In reality, ensuring that this early AI agent technology works well has been an incredibly difficult journey, Jaspar Carmichael-Jack, CEO of Artisan, a Sales AI agent company, told TechCrunch last month. Carmichael Jack is still hiring humans despite the startup’s viral “stop hiring humans” ad campaign.
For AI to become a replacement for true human workers, there are important technical issues to resolve, such as persistent long-term memory (and associated costs) and hallucinations. This is because no company wants to hire employees (human or artificial) who can’t remember previous conversations and lie randomly.
During the podcast, the A16Z trio landed on a solid definition of what is possible today. As Li explained, AI agents are multi-step LLM inference with dynamic decision trees.
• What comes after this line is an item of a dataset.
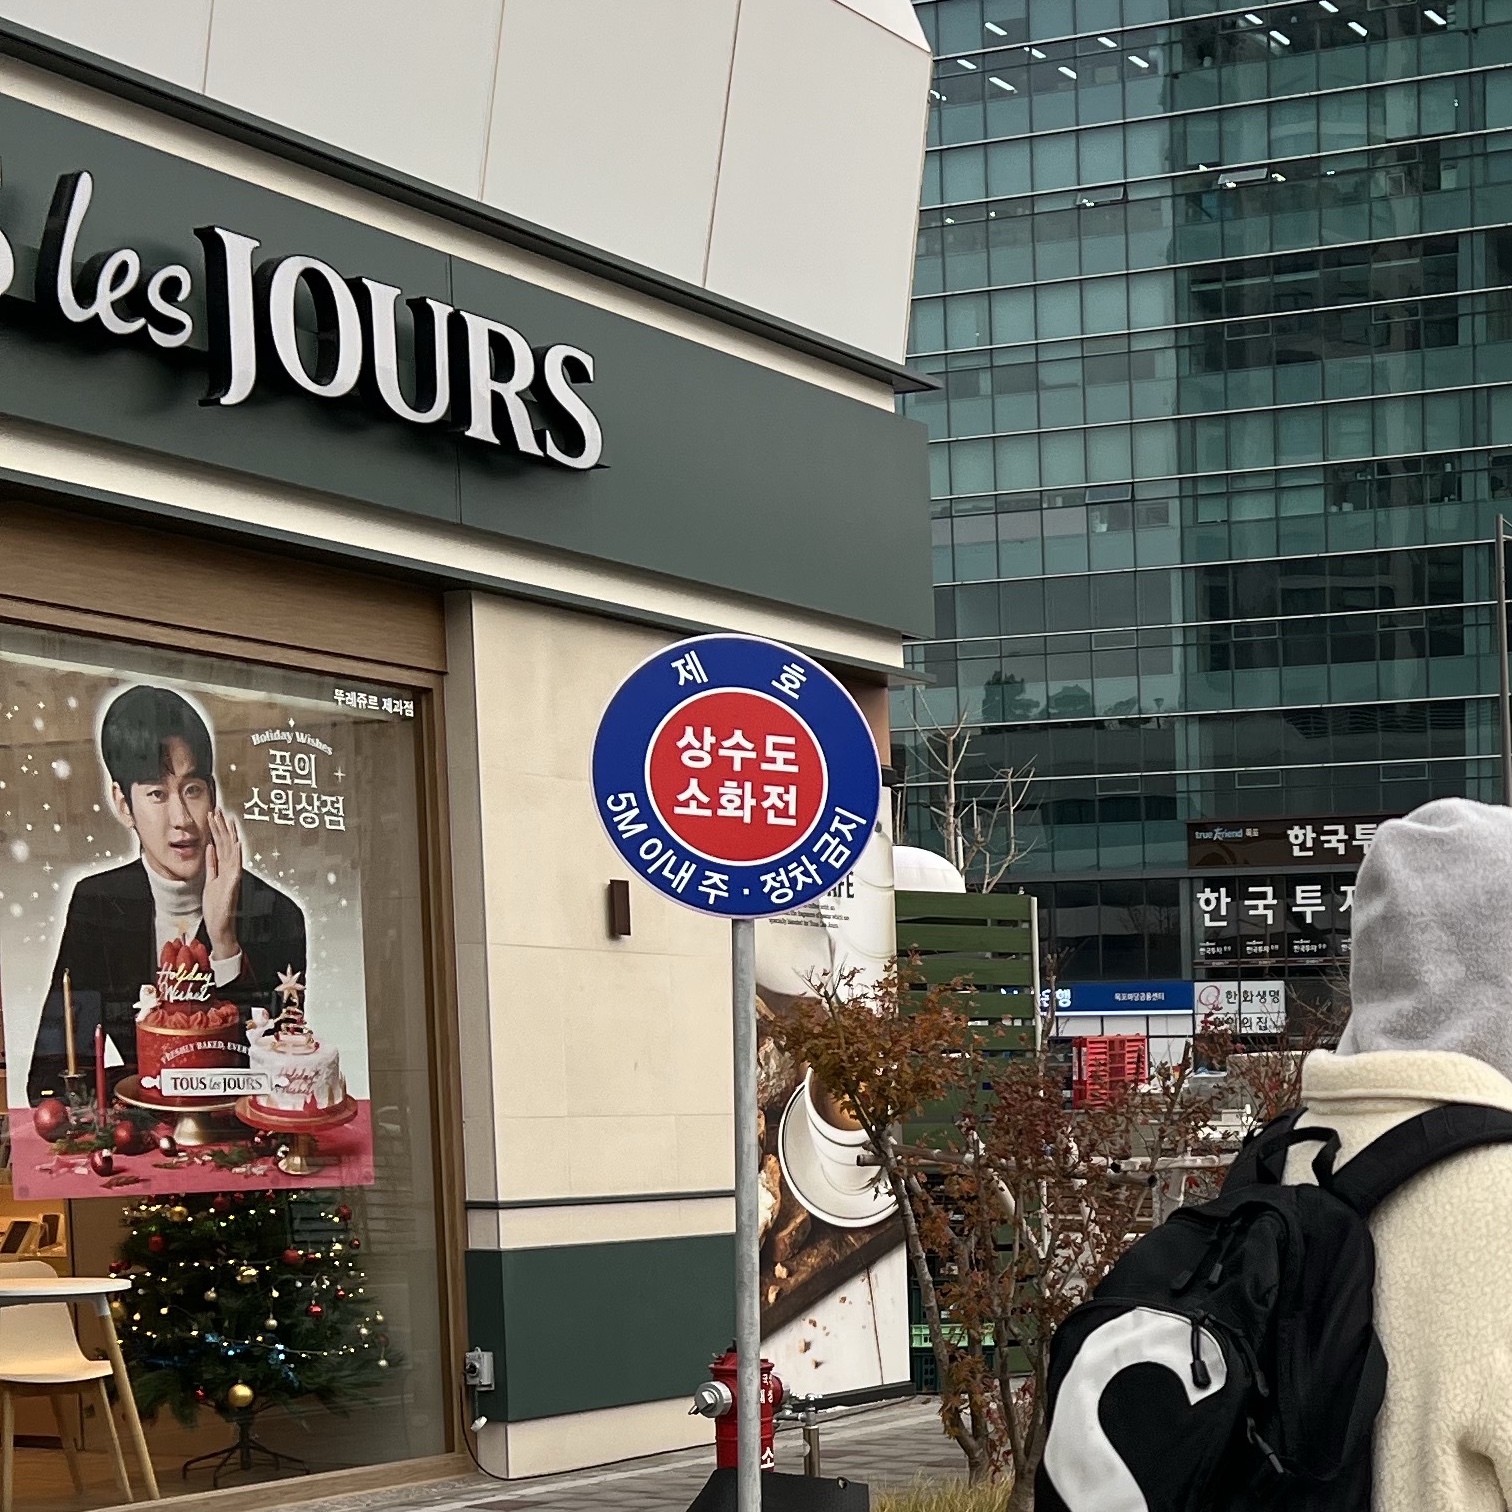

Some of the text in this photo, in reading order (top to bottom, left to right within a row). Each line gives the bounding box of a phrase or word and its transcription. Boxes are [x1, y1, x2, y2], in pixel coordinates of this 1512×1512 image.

In other words, agents are not just bots who do tasks when asked, but they must be able to take autonomous action, such as making decisions about tasks, grab a list of prospects from the database, decide what to send emails, and write emails. Alternatively, write your code to determine where to insert it.
As for whether agents can actually replace humans in the near future, I agreed that all three VCs could be used to handle some of the tasks humans do now, as automation always does. However, this can actually lead to companies hiring fewer and fewer human workers as productivity increases.
Bornstein said that when people don’t need it, they can’t imagine time. From our “perch in Silicon Valley,” the tech industry can “forget” that most people have jobs that require human creativity and “thinking.” To replace humans with bots, he said, “I don’t know if there is a theoretical possibility.”
Still, this kind of human exchange rhetoric is often done for marketing/business models and pricing reasons, but “it’s a big reason for the confusion we’re experiencing right now,” says Bornstein.
The result is that if those who see all of the most cutting edge use of AI agents are skeptical of the boldest claims that AI agents make today, that is probably a good indication that the rest of us should be.